From a legal tradition perspective, common law systems like the US and UK provide more adaptive, precedent-based treatment of restricted securities through flexible exemptions and self-regulation (e.g., SEC Rule 144 and London Stock Exchange rules), fostering market innovation but potentially weaker minority protections compared to civil law systems in continental EU[44], where codified rules under the Prospectus Directive ensure stricter harmonization and higher aggregate shareholder safeguards, as evidenced by stronger minority protections in France and Germany over 1970–2005.[45]

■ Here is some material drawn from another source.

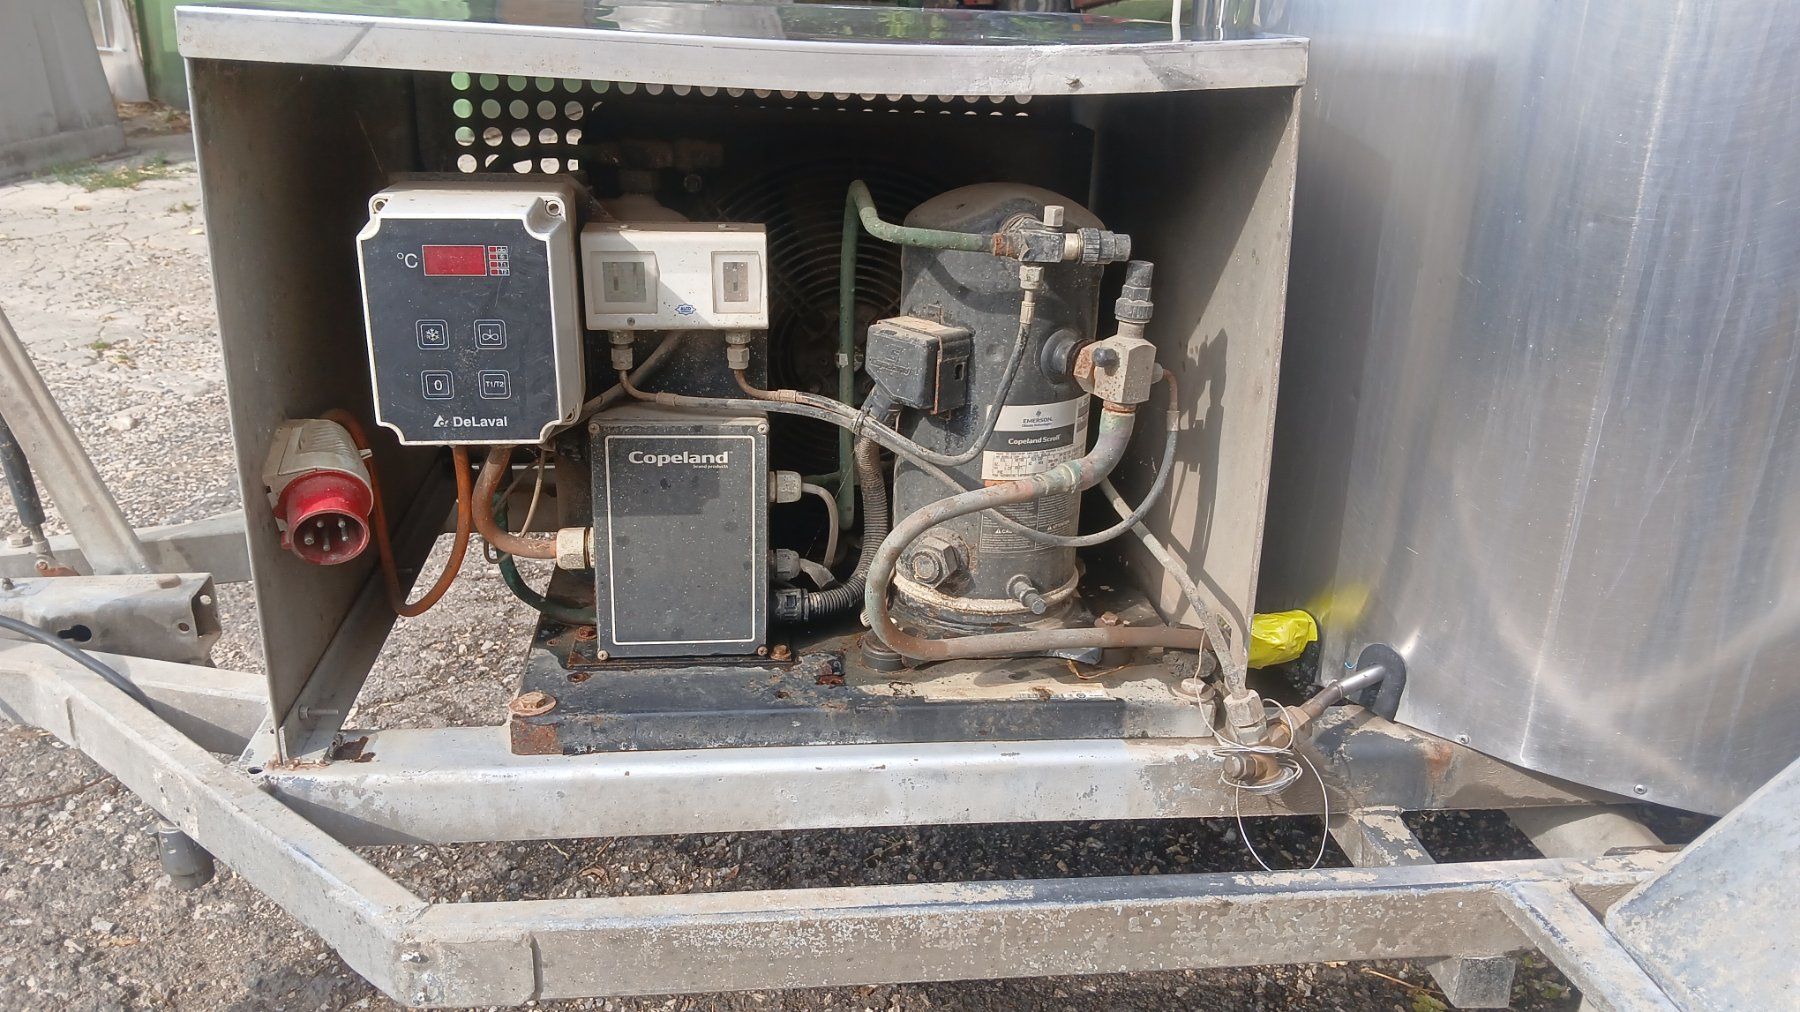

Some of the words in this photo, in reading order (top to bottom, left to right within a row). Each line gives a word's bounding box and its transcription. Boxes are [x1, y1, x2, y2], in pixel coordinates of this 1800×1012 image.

5.4. Policy Trade-offs in EU Securities Regulation: Investor Protection Versus Municipal Market Access
The CJEU’s ruling in C-627/23 underscores key policy trade-offs in EU securities regulation, balancing robust investor protection with market access for public authorities. By classifying restricted shares as securities requiring a prospectus under Article 3(1) of the Prospectus Directive, the decision enhances transparency and reduces information asymmetry, safeguarding investors from risks in municipal issuances aligning with the Directive’s core aim of market efficiency and confidence-building.[46] However, this broad scope imposes significant compliance burdens on sub-national entities like municipalities, potentially deterring capital market participation for funding public services and infrastructure, as prospectus preparation raises costs and delays.[47] This tension highlights a policy dilemma: while investor protections foster long-term market stability, they may limit access for public bodies, echoing concerns in the EU’s Listing Act reforms, which seek to simplify rules to attract issuers without compromising safeguards.[48] As such, the ruling prompts a reevaluation of exemptions to ensure equitable access, elevating doctrinal clarity to address real-world financing challenges for local governments.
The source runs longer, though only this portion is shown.